Article Page

DOI: 10.31038/JCRM.2025831

Abstract

Quantitative electroencephalography (qEEG) offers objective biomarkers of brain function across neuropsychiatric conditions, but clinical EEG case reports are traditionally labor-intensive to produce. We describe a reproducible Python-based pipeline that automatically processes raw BrainVision EEG data, extracts spectral qEEG features, integrates patient clinical scores (e.g. Brief Psychiatric Rating Scale, BPRS), retrieves relevant literature via Europe PMC, and uses a retrieval augmented large language model (RAG-LLM) to generate structured narrative case reports. EEG preprocessing (filtering, artifact removal, referencing) and feature computation (power in delta, theta, alpha, beta bands, etc.) are implemented using open-source MNE-Python tools in a BIDS-compliant [1,2] framework. Patient metadata such as age, diagnosis, and BPRS severity provide clinical context alongside EEG features (e.g. the known increase in theta power and theta/beta ratio in schizophrenia) [3]. Key EEG findings are combined with dynamically retrieved evidence from Europe PMC – an open access repository of ~36 million biomedical abstracts and 5 million full-text articles – to ground the report in up-to-date knowledge [4]. Using a RAG-LLM approach, the system formulates context-aware prompts that guide the model to cite recent studies and summarize findings. For example, prior work has shown retrieval-augmented LLMs significantly improve accuracy in clinical question answering [5] compared to base models, and in dedicated frameworks (e.g. EEG-MedRAG) unify EEG domain [6] knowledge and patient data for diagnostic guidance. Our pipeline yields a draft case report that mimics the structure of a clinician’s report: background, methods, results (EEG summary and clinical scores), and an evidence-supported discussion.

Keywords

qEEG, RAG, Clinical Data, EEG Reports, AI Neuropsychiatry, EEG Preprocessing, Spectral Features, BPRS, Case Automation, Neuroinformatics

Introduction

EEG remains an indispensable tool in neuroscience and psychiatry, providing noninvasive recordings of brain activity. Quantitative EEG (qEEG) – the analysis of EEG power spectrum bands – has been studied [3] as a putative biomarker in disorders such as schizophrenia, ADHD, depression and bipolar disorder [7]. For example, schizophrenia is often associated with increased delta/theta and reduced alpha [3] power. Clinical context is captured by symptom scales like the BPRS, which quantify severity of [3] psychiatric symptoms and are routinely collected in research studies. Integrating EEG features with clinical metrics can enhance interpretation (e.g. correlating theta increase with BPRS depression subscore). However, manually generating a cohesive case report that synthesizes EEG analyses with relevant literature is time-consuming and subjective.
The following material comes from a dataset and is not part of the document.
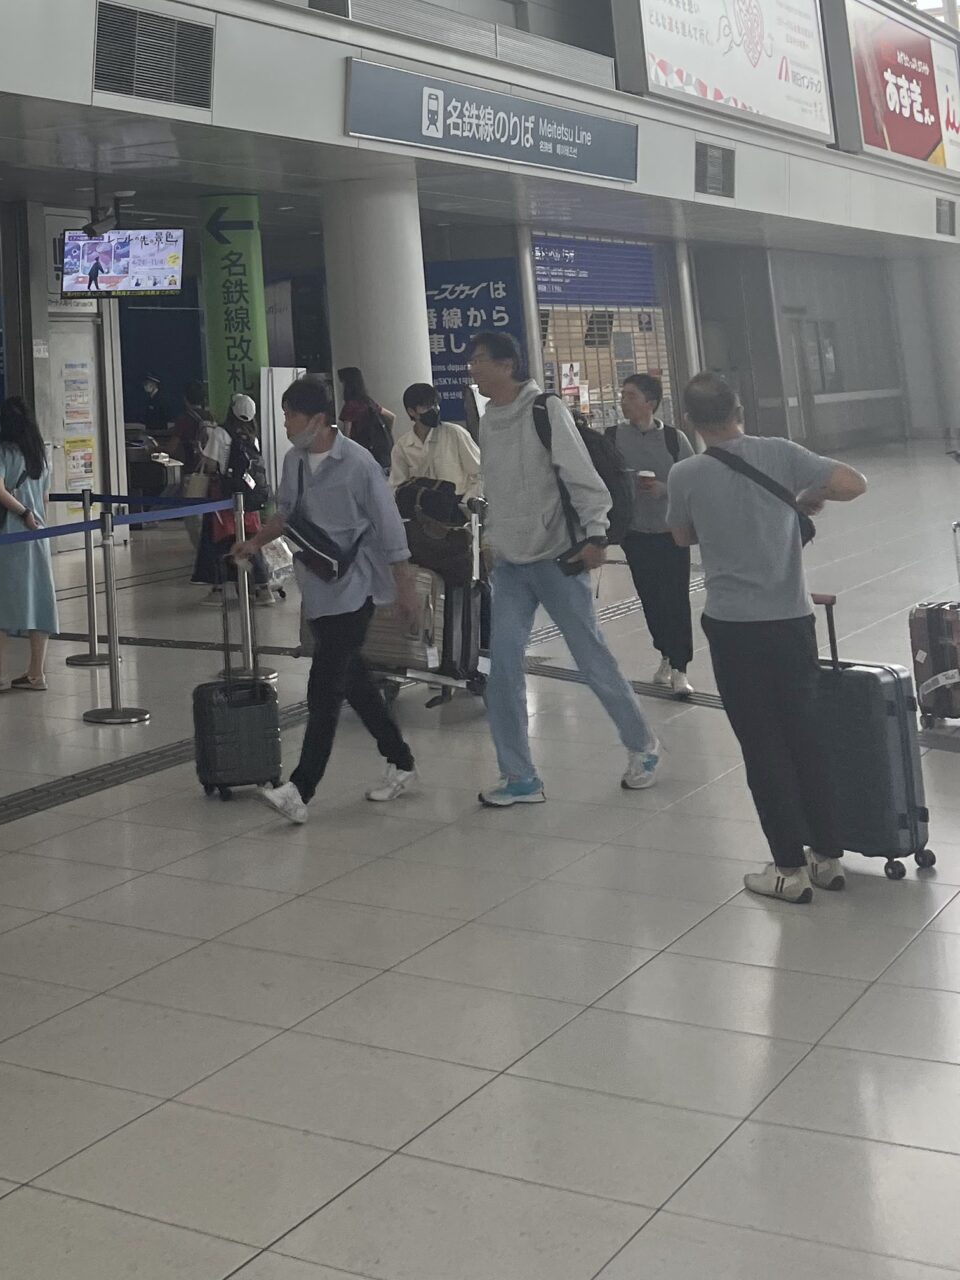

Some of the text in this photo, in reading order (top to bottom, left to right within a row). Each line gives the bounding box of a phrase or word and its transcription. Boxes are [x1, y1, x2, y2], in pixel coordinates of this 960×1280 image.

[446, 97, 536, 148] 名鉄線のりば
[539, 118, 592, 145] Meitetsu Line
[429, 333, 476, 355] 車し
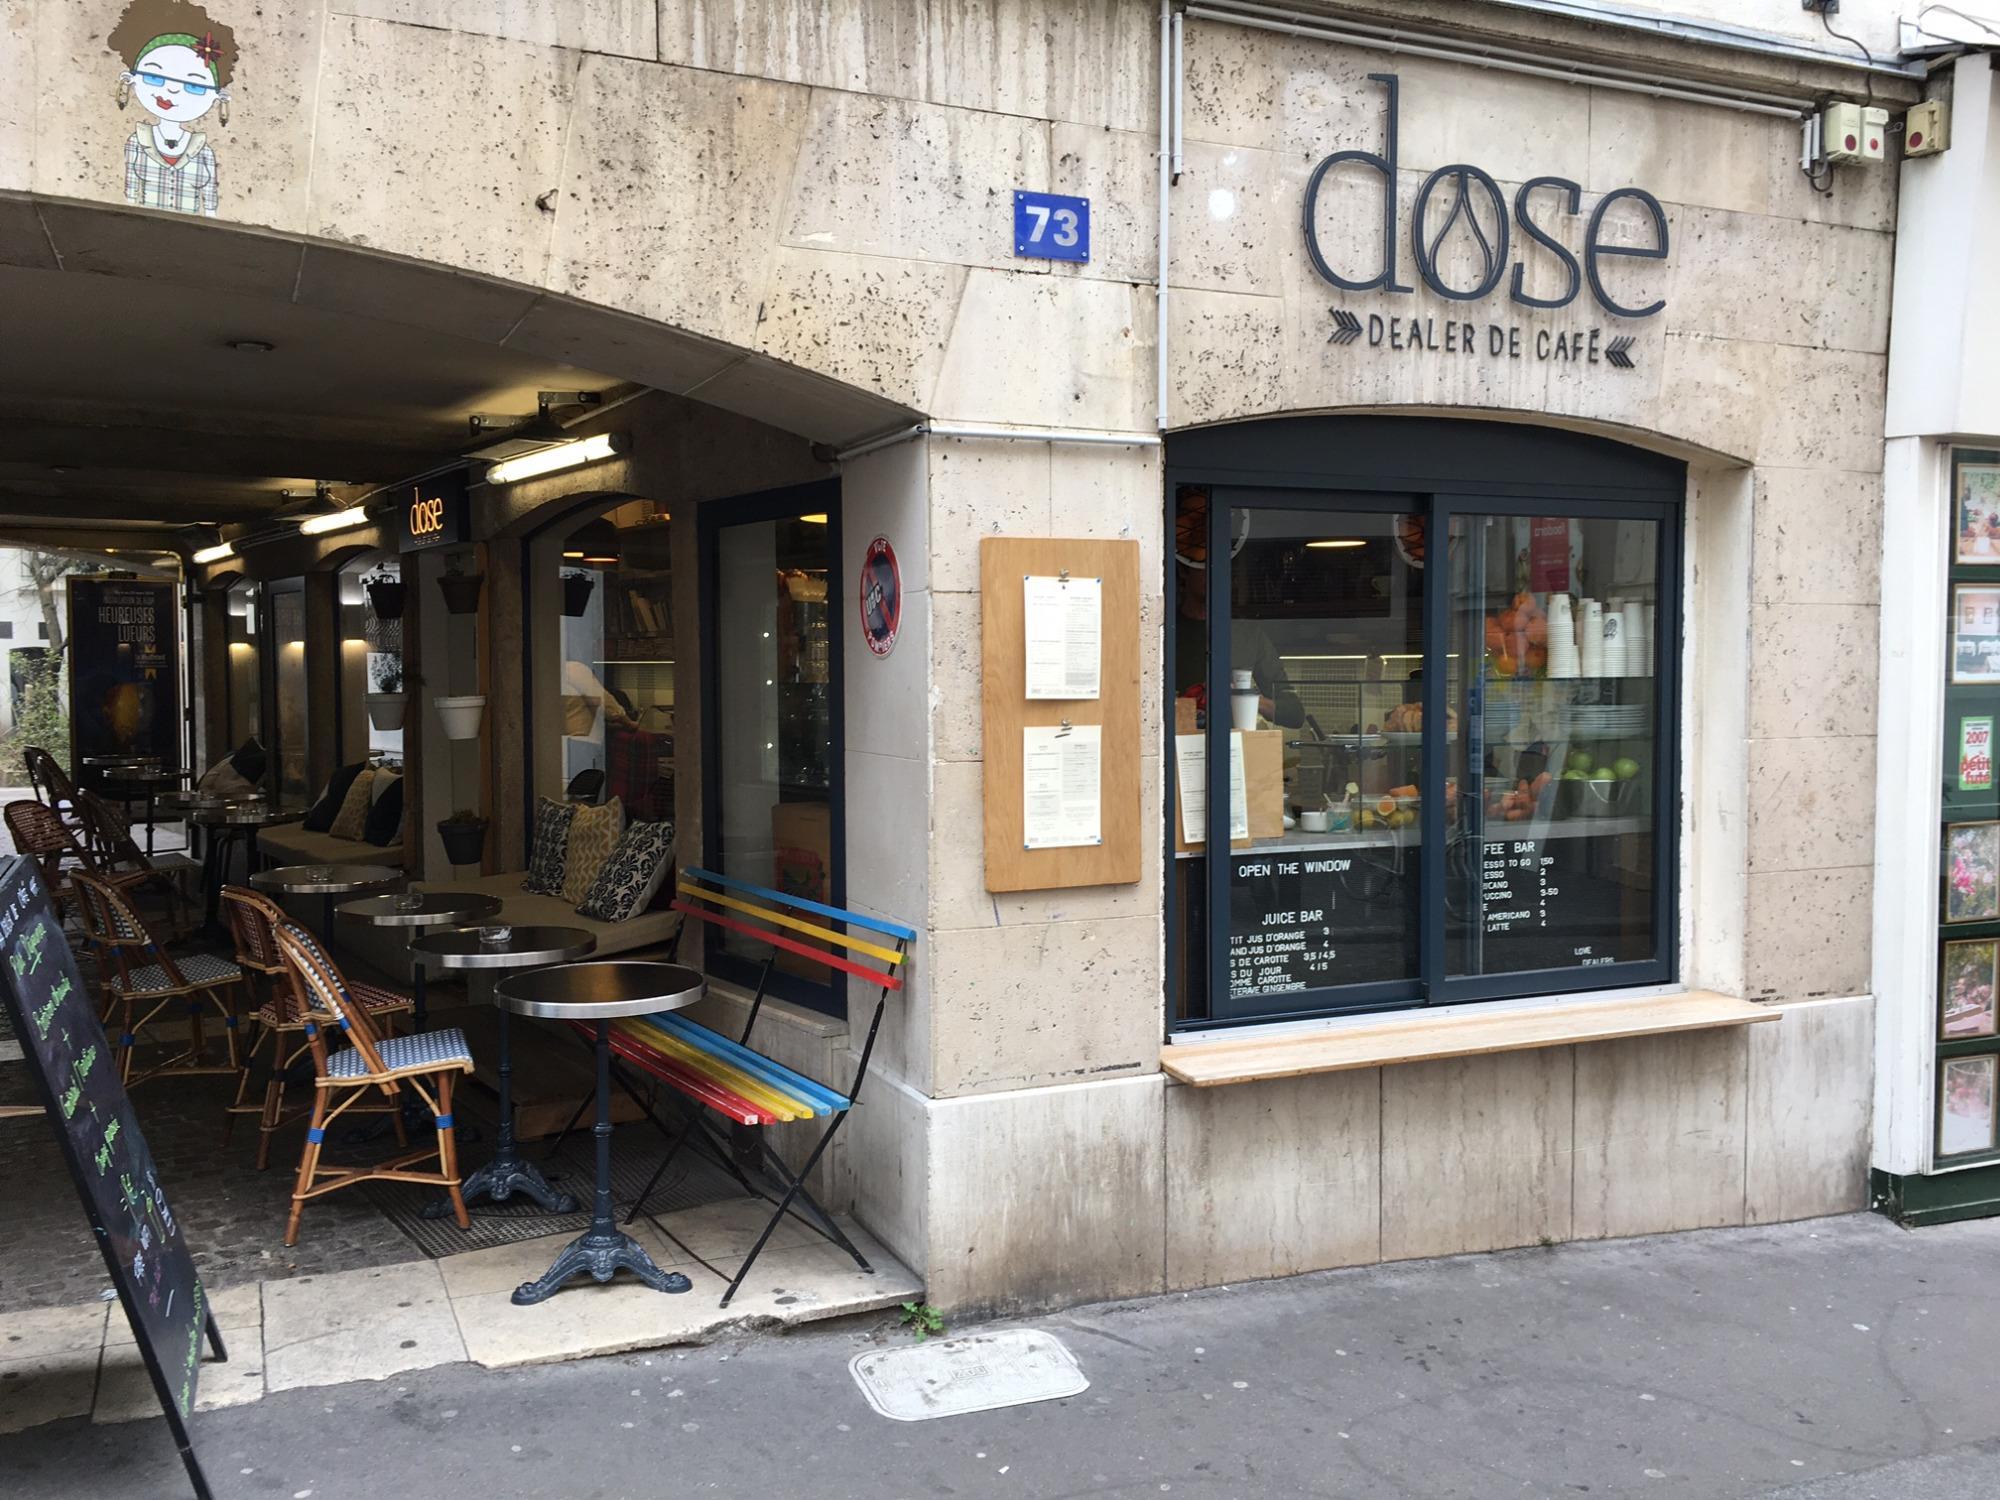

Recent advances in large language models (LLMs) and retrieval-augmented generation (RAG) offer a new paradigm: an AI-driven pipeline can automatically assemble multimodal data and external knowledge into an explanatory narrative. LLMs have demonstrated capability in medical domains, but [5,8] they are prone to hallucination unless grounded by real data. RAG addresses this by coupling an LLM with a knowledge base: the model retrieves pertinent documents (here from Europe PMC) and [9] conditions its output on this evidence. Studies in healthcare have shown that RAG-augmented systems yield more accurate, up-to-date answers than base LLMs alone. For instance [5,8] Masanneck et al. tested multiple LLMs on neurology guidelines and found that a fixed-document RAG setup markedly improved accuracy over unfettered models, though caution remains for hallucinations and case-based scenarios. Similarly, Kuo et al. describe a hierarchical RAG pipeline that retrieves [5] heterogeneous clinical trial data and generates reports with higher factual consistency and greatly [8,10] reduced authoring time compared to manual methods. Inspired by such successes, we propose applying RAG to qEEG.

EEG Data Preprocessing and Spectral Feature Extraction

Raw EEG data (e.g. BrainVision.eeg/.vhdr files) are ingested and organized according to the Brain Imaging Data Structure (BIDS) for neurophysiology. We use MNE-Python to apply a standard [1] preprocessing chain: band-pass filtering (e.g. 1–50 Hz), removal of line noise, and artifact correction (automatic identification of bad channels, Independent Component Analysis for ocular/muscle artifacts). It is critical to document each step for reproducibility: we leverage the MNE-BIDS-Pipeline [2] framework, which provides scripted execution of preprocessing steps with caching and provenance tracking. This ensures that the exact filtering, referencing (common average or linked1 [11] mastoids), and artifact-rejection parameters are recorded for audit and reuse. Recent work emphasizes [12] that even such preprocessing choices can dramatically affect downstream analyses, so consistency is vital in a clinical research context.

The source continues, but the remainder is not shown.